思考の遊戯・続

「雑読雑感」の管理人・レグルスの読書メモ、映画のネタバレ感想など

『火の鳥(5)』


☆☆☆★

復活編 羽衣編

復活編は、未来編の前日譚。ネタバレ的に書いてしまうと、ロビタに秘められた謎が明らかになる。これだけでも、実にSFミステリ的な構成。本作の白眉は導入で、死んだ主人公が、サイボーグ的に脳の一部を含めて身体の6割を機械化した結果、ロボットが人間に、動物が無機物に見えるようになった。

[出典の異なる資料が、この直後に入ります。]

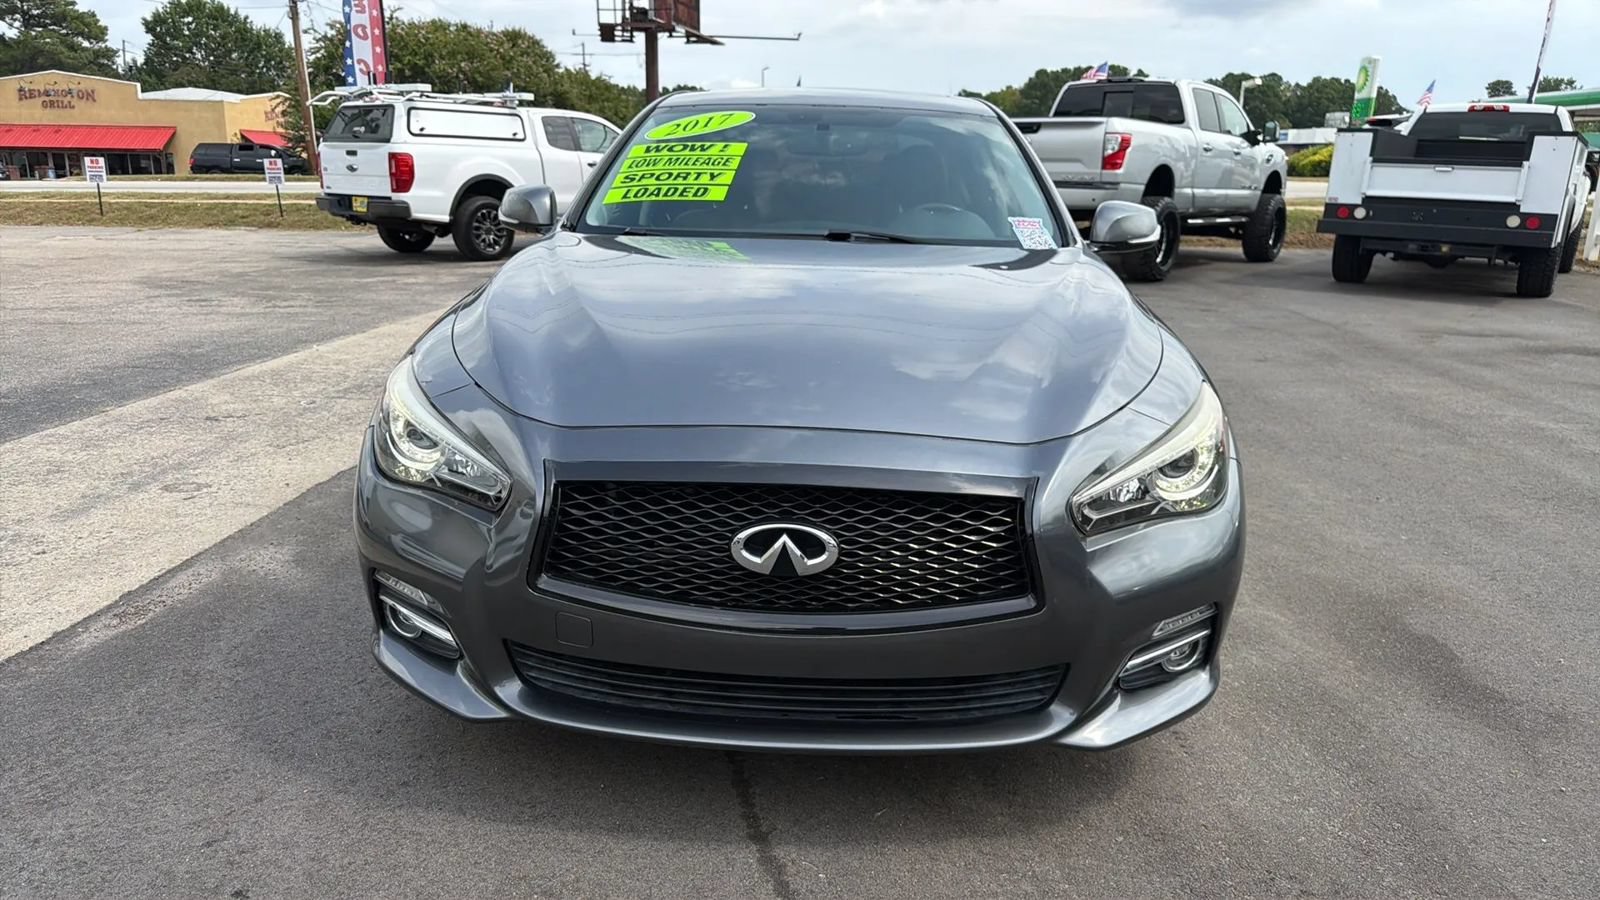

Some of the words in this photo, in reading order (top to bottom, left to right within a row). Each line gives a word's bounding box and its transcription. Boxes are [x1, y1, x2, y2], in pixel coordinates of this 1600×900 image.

これは『妻を帽子と間違えた男』(未読だけど、内容はなんとなく知ってる)のような、恐らくは当時の最新の医学/科学的治験であろう。それの表現が、覚醒した当初は、縞模様だけで自身を表し、他者はブロックか岩を積んだように描かれるのだ。読者の評判が悪かったのか、次第に新しい器官にも慣れてきたのな、中盤以降は普通の人間にトーンを貼っただけの表現になっているのが惜しい。本編も、自分を殺したのは誰なのか、というまさしくミステリー的な展開を見せる。

羽衣編
手抜きと言えばとんでもない手抜き。芸術的といえば芸術的。舞台中継をマンガでやってしまったのだ。数十ページものあいだ、カメラ(構図)は全く変わらず。つまりは背景はコピーの使い回しなのだ。1ページに4コマ、というコマ割りが延々と続く。キャラも当然アップはない。スポットライトなんかは表現されていたり。内容は、いわゆる昔話の天女の羽衣伝説のそれ。